__Exercise aim__: In your copy of the records, include every word exactly and no pictures.

__Input__:
◆ ◆ ◆ ◆ ◆

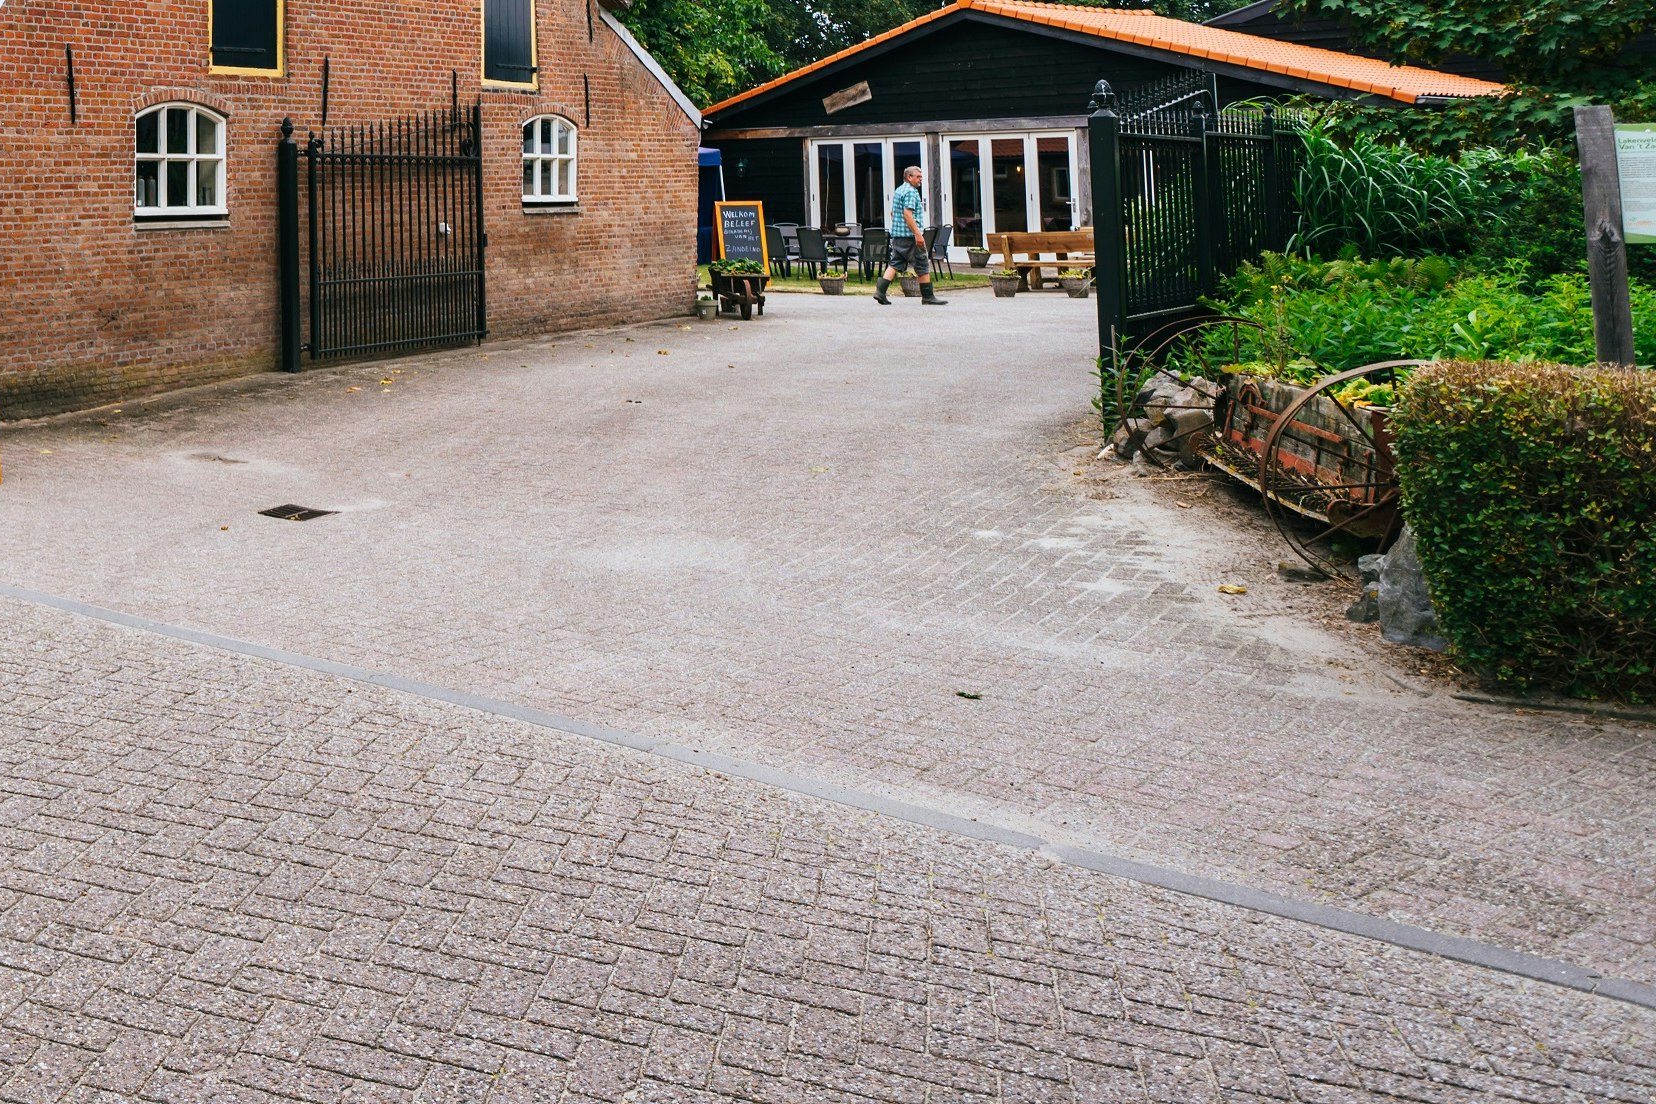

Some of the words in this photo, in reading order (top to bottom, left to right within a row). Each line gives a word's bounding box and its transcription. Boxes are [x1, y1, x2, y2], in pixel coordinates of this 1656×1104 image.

[723, 211, 755, 219] WELKOM
[724, 220, 756, 228] BELEEF
[725, 244, 761, 253] ZANDEIND
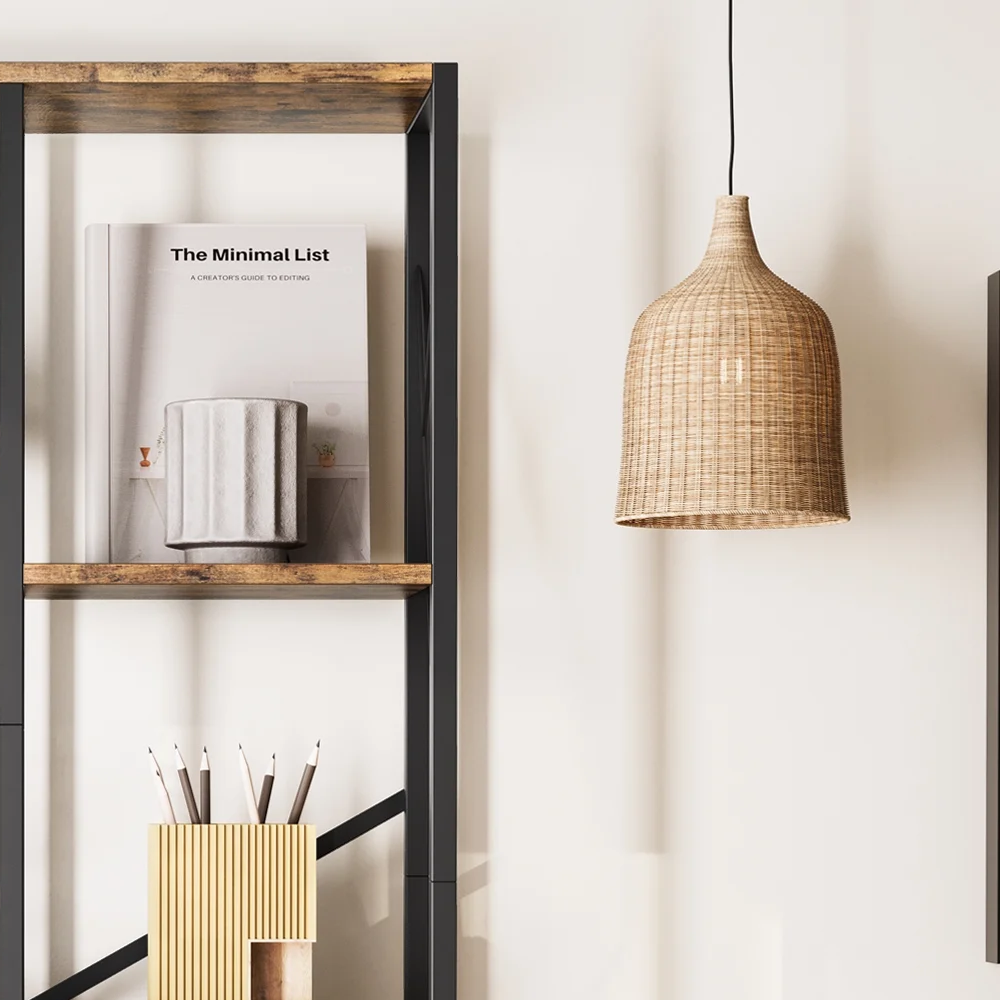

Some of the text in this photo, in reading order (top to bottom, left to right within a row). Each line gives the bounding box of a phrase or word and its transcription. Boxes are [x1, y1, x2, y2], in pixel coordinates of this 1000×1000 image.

◆ ◆ ◆ ◆ ◆

__Solution to this task__:
Some of the words in this photo, in reading order (top to bottom, left to right within a row). Each line gives a word's bounding box and its transcription. Boxes are [x1, y1, x2, y2], in pixel coordinates of this 1656×1104 image.

[723, 211, 755, 219] WELKOM
[724, 220, 756, 228] BELEEF
[725, 244, 761, 253] ZANDEIND

Some of the text in this photo, in reading order (top to bottom, left to right within a row). Each line gives the bounding box of a phrase or word and its transcription. Boxes are [x1, y1, x2, y2], in pixel coordinates of this 1000×1000 image.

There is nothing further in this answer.